È assolutamente necessario ridurre lo spreco cambiando il modello di sviluppo in direzione del miglioramento della qualità della vita. Oggi, con le nuove tecnologie a disposizione, si potrebbero progettare fabbriche che garantiscano una produzione di oggetti in maniera flessibile e pianificabile, soprattutto se i prodotti sono di buona qualità e di durata almeno trentennale, perché il riciclo dei materiali non basta. Perché questo avvenga sarebbe necessario studiare una politica industriale creativa e davvero rivoluzionaria che prenda in considerazione l’uso delle risorse nel rispetto della terra, senza perdere di vista la salvaguardia del lavoro, che rimane un diritto inalienabile per tutti.

Cambiare i motori a scoppio con motori elettrici non è una trasformazione ecologica, ma solo uno specchio per le allodole, perché ciò che non si produce di scarto per il funzionamento della macchina, si produrrà nello smaltimento delle batterie o per la produzione dell’energia elettrica. Si continuerà comunque a produrre milioni di macchine che avranno bisogno di innumerevoli risorse per tutto il loro ciclo di vita.
Dovremmo usare la nostra fantasia per creare ciò che serve all’essere umano per vivere una vita qualitativamente degna e non, piuttosto, consumare per produrre per mantenere attive le industrie.

Oggi siamo ridotti a essere un ingranaggio di un sistema che noi stessi abbiamo creato, nel quale il lavoro umano deve costare il meno possibile, perché lo scopo non è la qualità della vita ma il ritorno finanziario. Inoltre, il nostro adeguamento al consumo rende impossibile qualsiasi condivisione se non una realtà disumanizzata e abitudinaria.
Questi due anni di pandemia hanno messo in evidenza quanto poco sappiamo del corpo umano, della natura, di noi stessi e di quanto ci circonda.  Se vogliamo cambiare veramente dobbiamo innanzitutto metterci in un atteggiamento di ascolto, di conoscenza, di ricerca, tenendo sempre presente le cose che in questi due anni ci sono mancate: la relazione con gli altri e con l’ambiente e la dimensione della libertà. Questi elementi faticosamente conquistati nel corso della storia, li abbiamo dispersi e vanificati come valori superflui negli ultimi trent’anni, mettendo al loro posto il consumo veloce delle emozioni e delle cose, come un necessario motore di una produzione che non trasforma niente in bellezza, ma che produce solo scarti e spazzatura.
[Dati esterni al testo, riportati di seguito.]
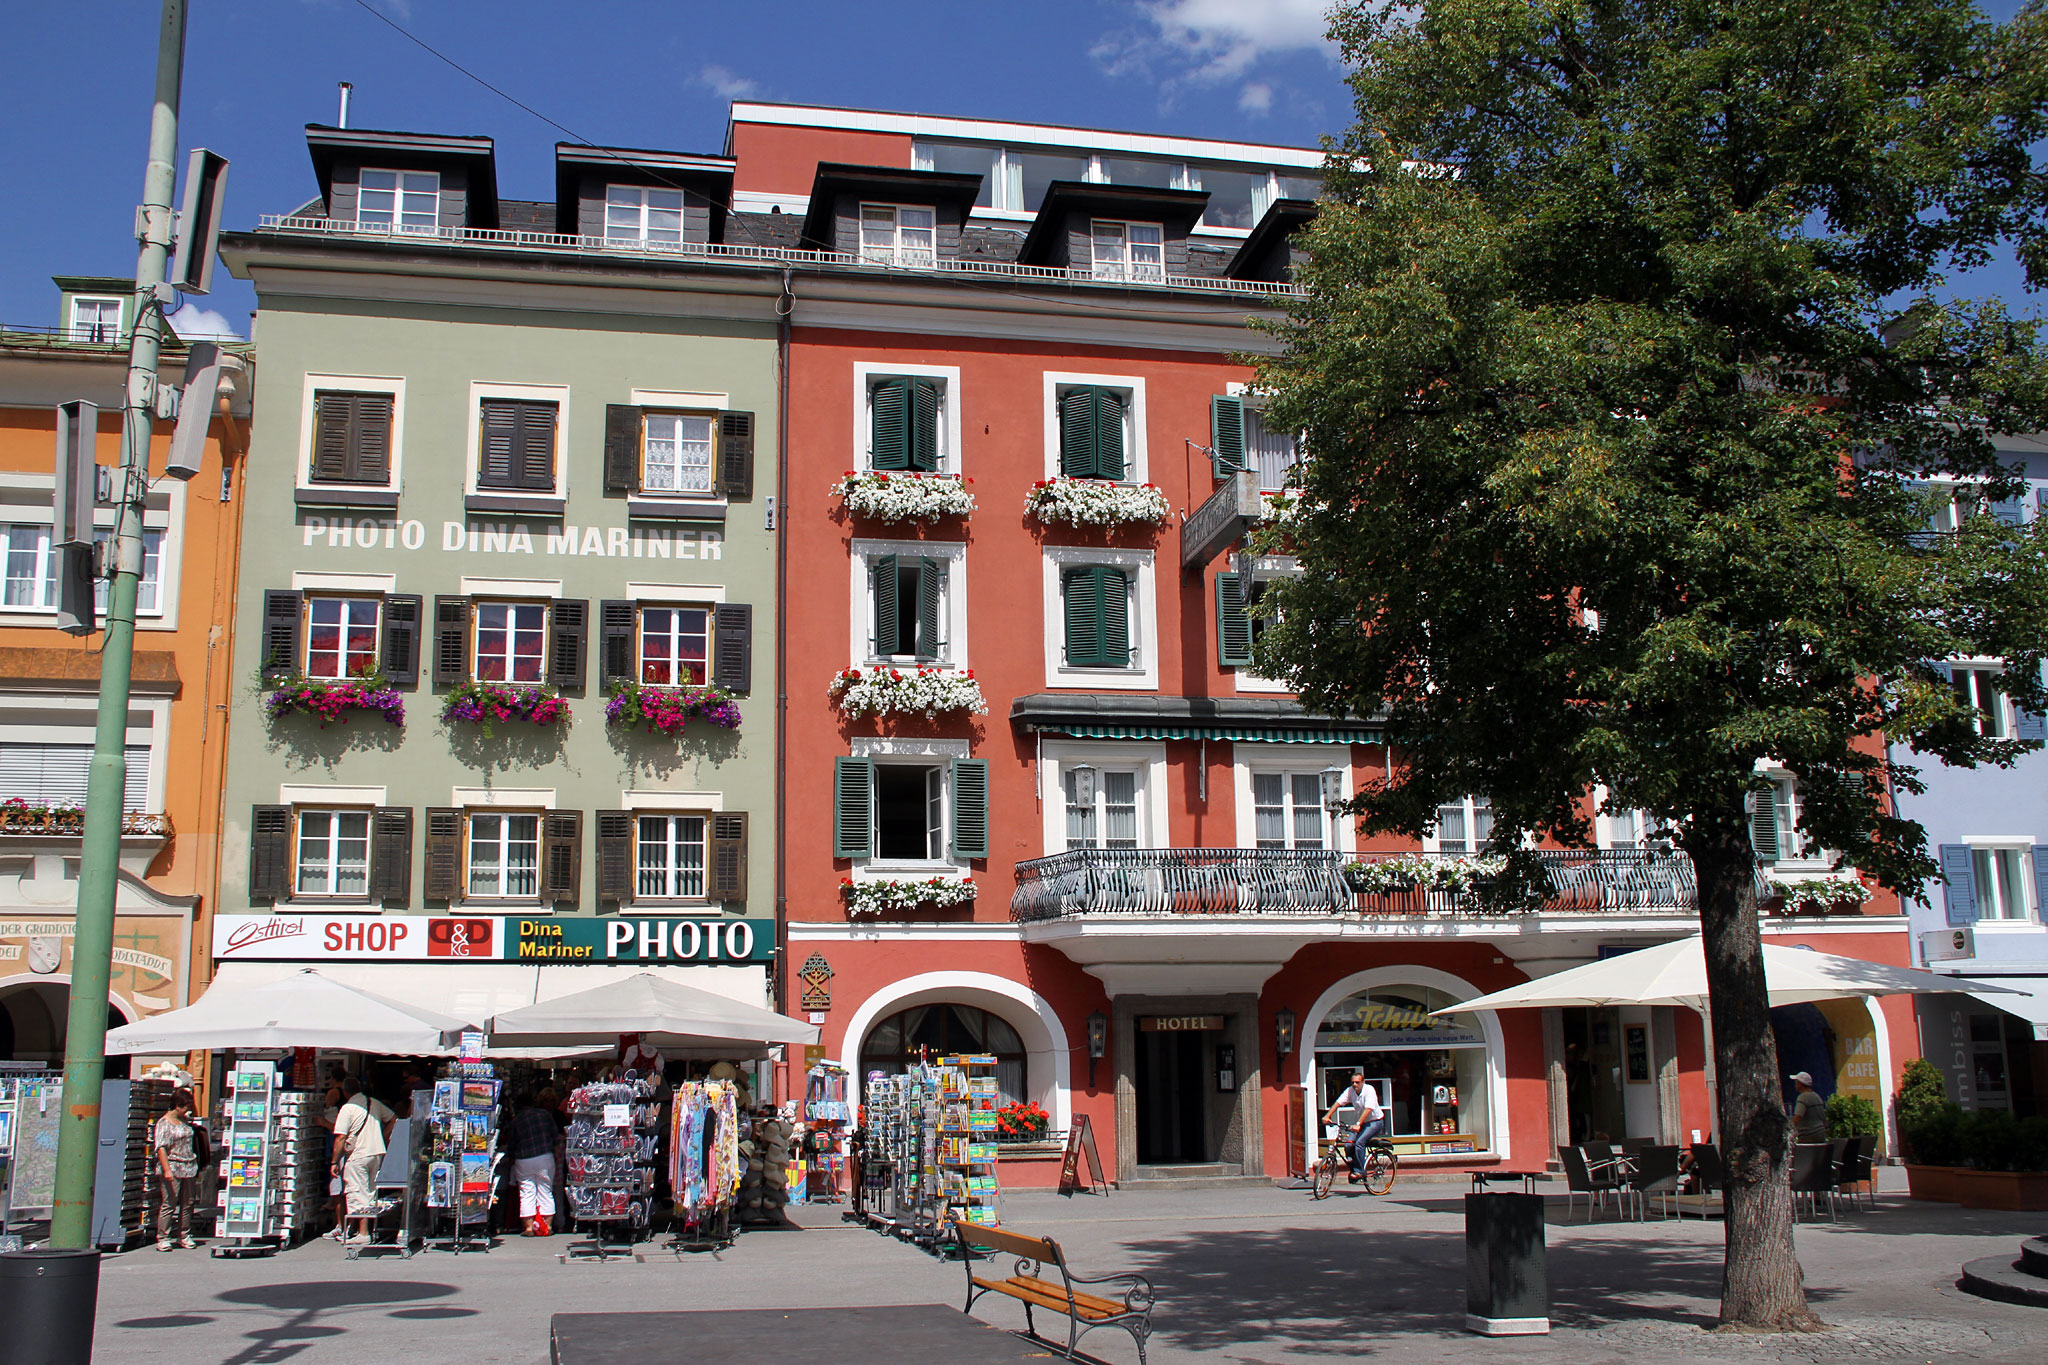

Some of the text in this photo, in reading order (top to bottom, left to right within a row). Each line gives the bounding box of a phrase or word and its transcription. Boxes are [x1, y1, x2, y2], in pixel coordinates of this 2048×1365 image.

[303, 515, 722, 561] PHOTO DINA MARINER
[1, 923, 77, 935] DER GRUNDSTE
[225, 917, 304, 950] Osttirol
[323, 922, 408, 952] SHOP
[519, 920, 563, 936] Dina
[606, 920, 754, 959] PHOTO
[450, 943, 470, 956] KG
[519, 941, 593, 958] Mariner
[1156, 1017, 1208, 1030] HOTEL
[1355, 1005, 1440, 1030] Tchibo
[1845, 1037, 1874, 1055] BAR
[1847, 1060, 1876, 1078] CAFÉ
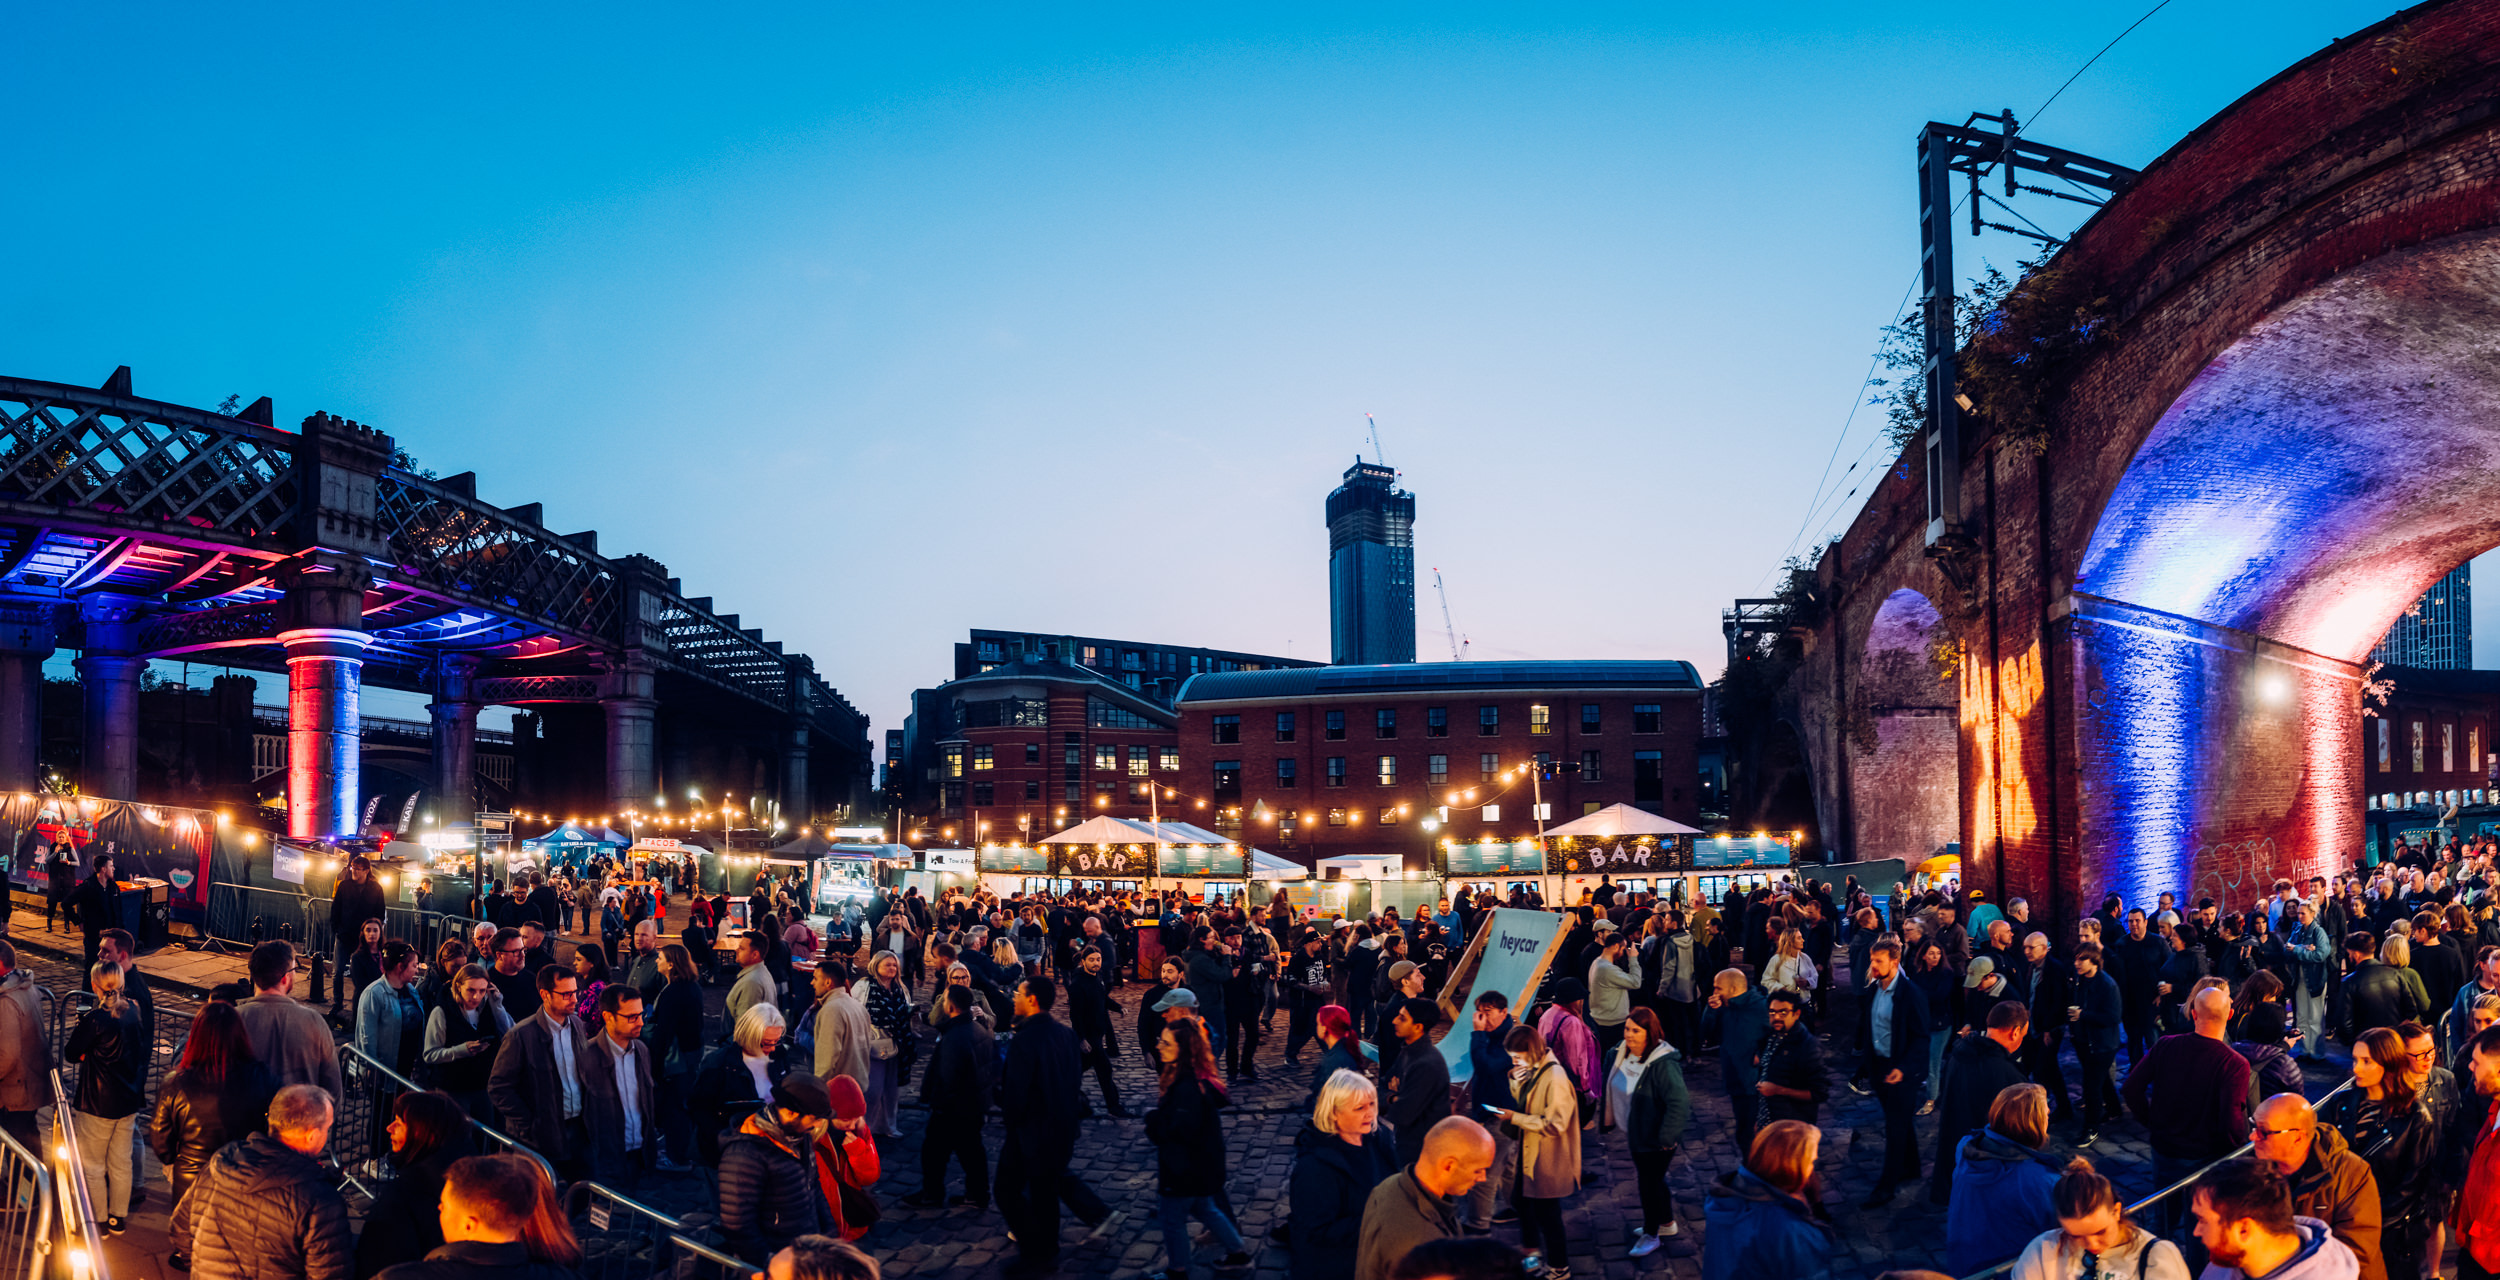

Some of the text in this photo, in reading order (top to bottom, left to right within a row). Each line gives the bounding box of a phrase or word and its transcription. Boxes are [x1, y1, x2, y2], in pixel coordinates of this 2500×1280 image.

[364, 795, 379, 826] GYOZA
[402, 794, 417, 822] KATSU
[644, 838, 675, 847] TACOS
[1589, 843, 1651, 868] BAR
[1078, 852, 1126, 872] BAR
[1499, 930, 1539, 957] heycar
Quando, agli inizi del primo lockdwon, abbiamo spalancato le finestre sulle strade deserte, ci siamo ricordati di quanto fosse bello stare insieme, stringersi le mani, prendere un caffè scambiando due chiacchere. Tutti abbiamo sperato che il dopo covid sarebbe stato diverso, abbiamo condiviso il piacere di vedere la natura tornare ad abitare in mezzo a noi. Abbiamo constatato che la natura è pronta a sostenere un nostro cambiamento di rotta se decidiamo di prendere la strada del rispetto, dell’utilizzo delle risorse e non dello spreco. Ma, finita l’emergenza, ce ne siamo prontamente dimenticati, travolti dalla necessità di tornare alla vita di prima, come se questa fosse stata di nostro gradimento e soddisfazione.
Per fare un passo avanti, e in questi mesi di chiusura ce ne siamo resi conto, dobbiamo trasformare l’intero il sistema educativo, formativo e informativo nell’intento di acquisire consapevolezza che il valore è l’essere umano e il suo ambiente nelle sue relazioni, mentre adesso è tutto fondato sulla competizione, sull’individuare l’errore, sul considerare l’altro come nemico.

L ‘accelerazione della ricerca sui vaccini di questo ultimo anno o poco più e la loro produzione in tempi inediti ha dimostrato che la condivisione della conoscenza, insieme all’obiettivo condiviso può accelerare il raggiungimento dei risultati. Perché non assumiamo questo modello, diffondendo la necessità di rendere attiva la Carta dei Diritti Umani che in pochissime realtà sono democraticamente esercitati? Sarebbe tempo di investire perché questi non rimangano solo enunciazioni su carta, ma siano pratica universale e corrente di tutte le società umane. In questo modo cadrebbero diffidenze e resistenze tra i diversi stati. Perché questo non avviene?  Forse perché le mafie, il mercato delle armi e della droga ne patirebbero?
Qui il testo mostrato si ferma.